ND honored for sustainability
Abi Hoverman | Thursday, September 8, 2011
Notre Dame’s sustainability practices rank among the top 91 higher education institutions in the US and Canada, according to a recent Silver rating from the Sustainability Tracking, Assessment and Rating System (STARS).
Notre Dame voluntarily participated in the evaluation as a charter member after the program’s founders, the Advancement for Sustainability in Higher Education (AASHE), approached them last summer, said Erin Hafner, programs manager for the Office of Sustainability.
“We saw STARS as a tool to evaluate where we are as far as sustainability goes, and to push us to continue to improve, because it helps us to see some of the areas where we’re lacking,” she said.

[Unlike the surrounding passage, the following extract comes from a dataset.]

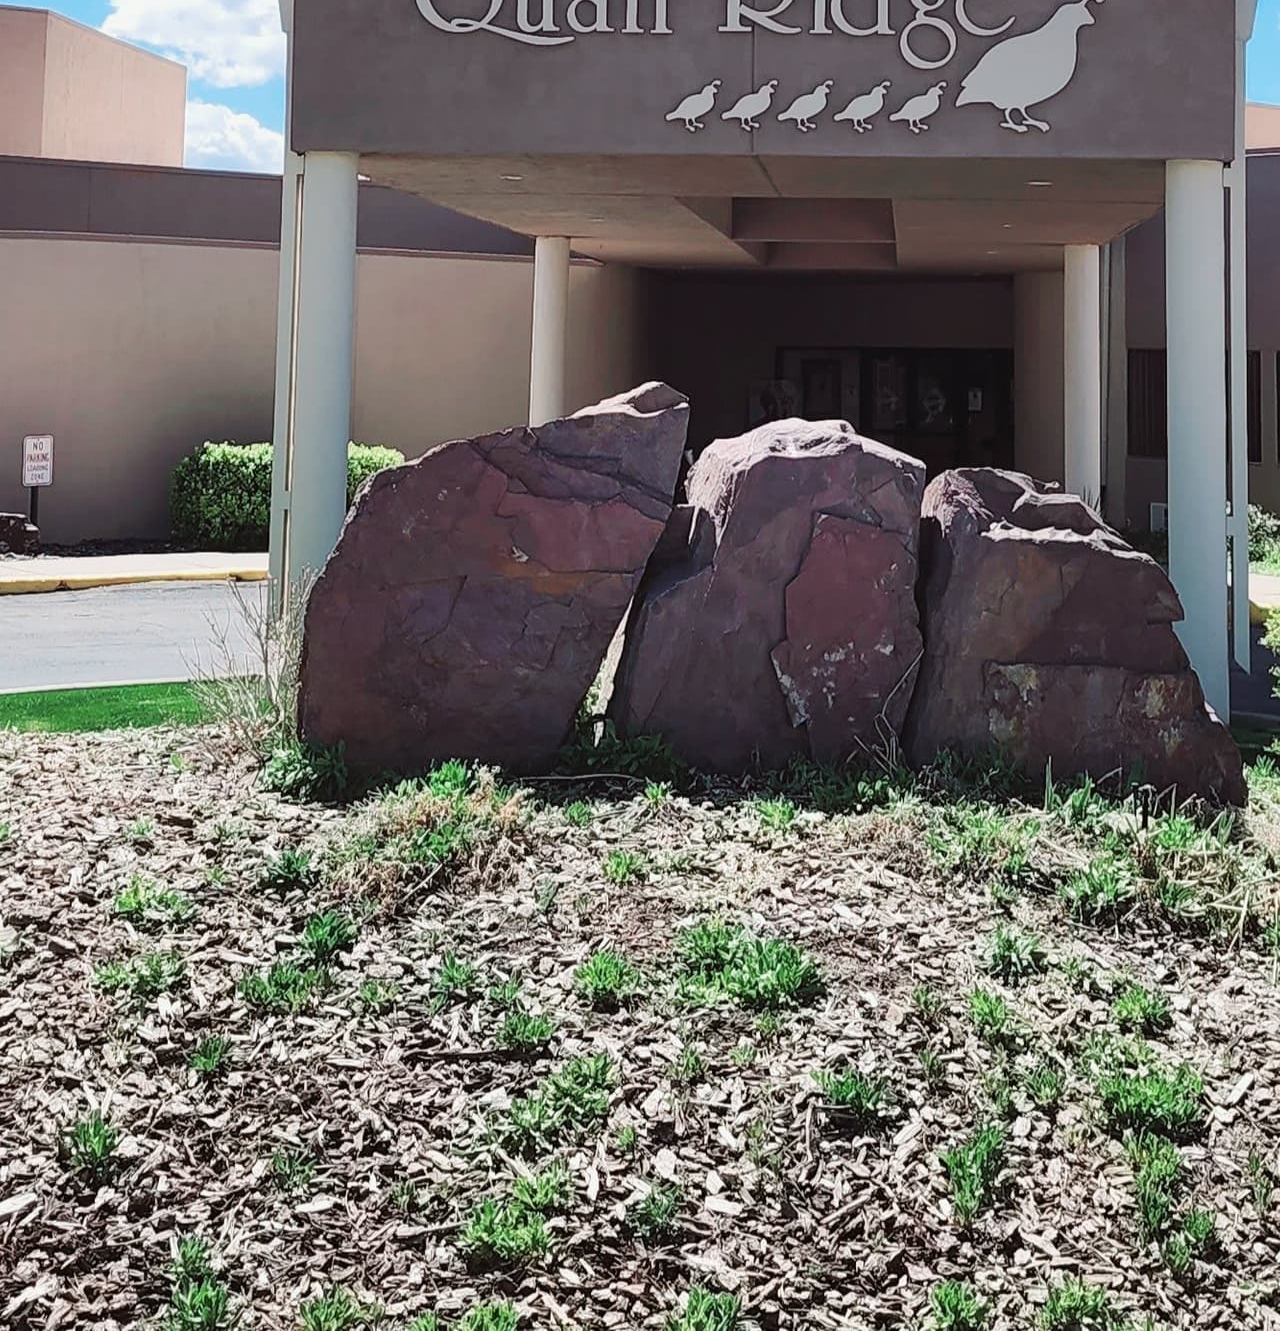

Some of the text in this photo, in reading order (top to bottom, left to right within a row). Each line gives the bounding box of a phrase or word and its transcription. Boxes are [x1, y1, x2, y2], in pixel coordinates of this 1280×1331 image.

According to AASHE, the comparable nature of STARS encourages cooperation between universities in developing sustainability programs across the country. Notre Dame’s Office of Sustainability was created in 2008.

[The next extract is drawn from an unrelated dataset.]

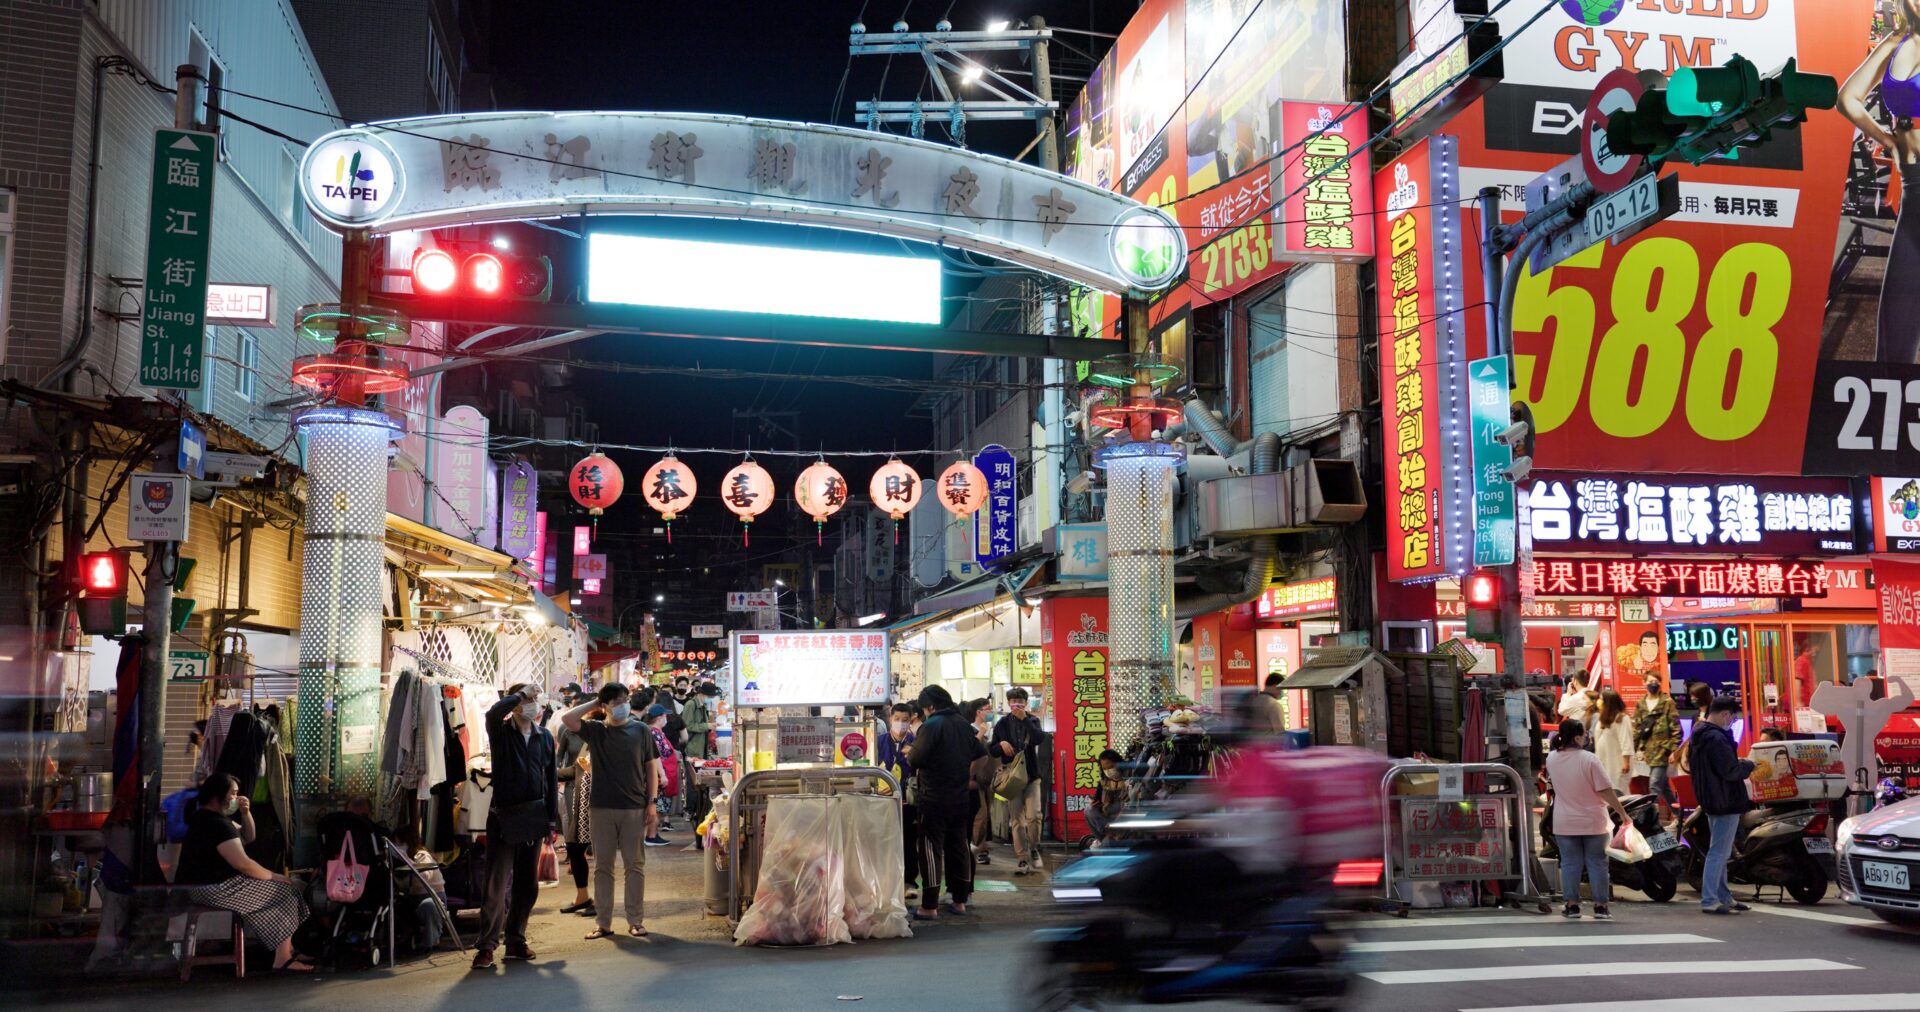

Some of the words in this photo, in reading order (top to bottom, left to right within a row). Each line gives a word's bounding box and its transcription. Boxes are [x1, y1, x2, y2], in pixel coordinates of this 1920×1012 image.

“[Sustainability coordinators] hold conferences annually, call each other and ask how their programs work on their campuses,” Hafner said. “It’s a collaborative atmosphere in sustainability. There are many universities that still don’t have sustainability efforts.”
The University failed to receive STARS top Gold rating for a variety of specific shortcomings on the survey, which Hafner said are being addressed before STARS reevaluates in three years.
“We have a fairly new sustainability program,” Hafner said. “Some of the areas they look at we don’t have robust programs in yet.”
In the education category, Notre Dame received only 3.13 out of 20 points for Sustainability Focused and Related Courses. Hafner said that because the survey was completed in August before the fall semester began, the new Sustainability Minor was not considered.
“Any majors or minors will help us. I only foresee this area growing in the next few years,” she said. “There are lots of professors interested in research and teaching in this area so these programs will only continue to grow.”
Notre Dame also scored poorly in Building Energy Consumption, which Hafner said would be improved with upcoming renovations, such as retrofitting heating, ventilation, cooling and lighting systems, paid for with a conservation investment.
“We are in the middle of a $10 million investment in energy conservation measures,” she said. “By the time the survey comes around again we will be able to see an improvement [in building efficiency].”
Points were also missed in the Clean and Renewable Energy category.
“We’re still trying to find how renewable energy fits Notre Dame,” she said.
Hafner said the University currently has thin-film and traditional solar panels on the roofs of Fitzpatrick and Stinson-Remick Halls, in addition to the new wind turbine on top of the power plant. The projects will be evaluated to see which energy sources work best in this region.
Looking forward, Hafner said she is hopeful Notre Dame will continue to improve in sustainability to join institutions like Duke, Emory and New York Universities in a STARS Gold rating after the next evaluation.
“We will be able to develop these programs so in three years we will be able to check the ‘yes’ boxes on the survey,” Hafner said. “We’re going to still work towards our main goals of reducing our carbon footprint, reducing the amount of waste we use, and educating about sustainability.”